I disconnected today, on my way home from the gym, after all was said and done at work, papers put aside, computer powered down, a final check out with the higher power.
I was tired, for some reason – I blamed the full moon, because it is as good an excuse as blaming society. My friend said there was no logic to blaming the moon, the only difference from one month to the lunar next being light. The mass of the moon remains constant, as does its gravitational pull. Still, I argued, why did the residents at my gran’s care home, including her, always act up around a full moon? Her hallucinations were more active and engaging, as she’d developed me creativity with dementia than she did without.

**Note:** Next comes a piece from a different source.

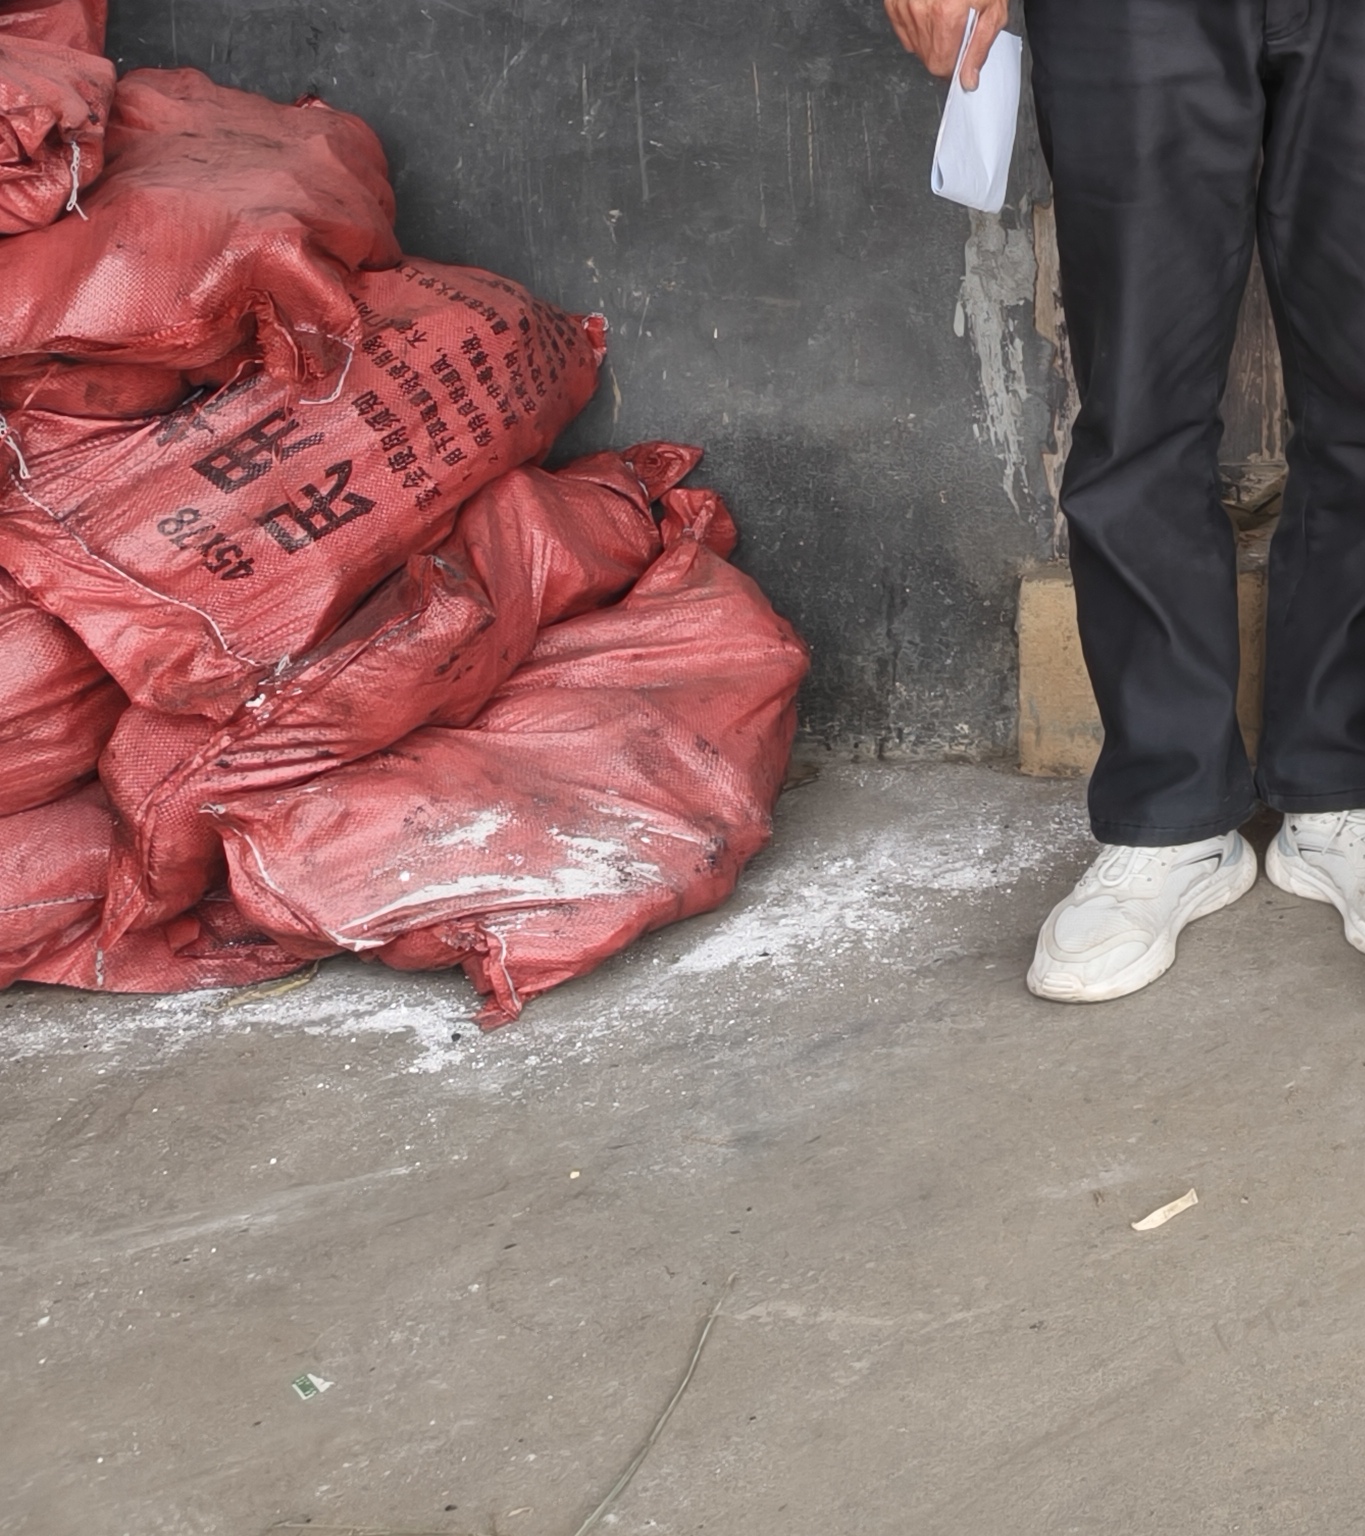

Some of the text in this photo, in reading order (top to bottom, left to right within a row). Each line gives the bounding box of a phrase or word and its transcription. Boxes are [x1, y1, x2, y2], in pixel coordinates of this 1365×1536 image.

[353, 389, 442, 512] 安全使用须知

Anyhow, I think that’s why I was tired all day…the full moon I mean, not dementia.
I had walked to work today, and had to walk back home, because none of my regular gym partners had showed up, and I’d hoped to get a lift back home from one of them. Still, it was a nice day for a walk. Sunny, warm, a bit a breeze. I didn’t bother plugging in my iPod…thought it best to take in the world at its own face value rather than cushioning myself with jamming beats and winded words.
Good thing too, as an older gentleman, wizened, and wearing a jaunty cap, a tam in fact, with a bright pompom, long wiry white hair bouncing in the air at each step. He was wondering what was the best way to get home. I gave him some options, and he thanked me and told me to stay beautiful.
When I neared Macdonald Creek, by Memorial Park, I heard what I at first thought was an eagle, and as I wended my way towards the pedestrian bridge, I saw that it was a woodpecker that was crying thus from the bushes. Now I know the difference between an eagle cry and a woodpecker cry, and I’ll be honest, the eagle sounds whiny.
On my way up Esquimalt, before it climbs Sentinel Hill, I came across a stand of wild blackberry bushes, whose fruit I would give a gentle squeeze periodically over the past week or two, to see if any fruit was yet ripe. Today was that day, and my tired body revived at the impromptu feast of juicy blackberries, each one delicately picked so that no thorns would catch my hand.
As I made my way up the hill, and slowly today, each blackberry shrub on the way up received an inspection of the most serious and considered variety, and one shrub compared to those previous. The best berries had been on that very first bush. By the time I reached the top of the hill, the tips of my fingers were slightly stained by berry juice, and my lips likely too, as I could taste the sunny sweetness on them still.
I haven’t picked blackberries since I was a child, and eating them again, so spontaneously, reminded me of that carefree moment in time when my only burden was a bucket of blackberries, the remnant of those that I hadn’t first eaten.
I think I need to pick blackberries more often.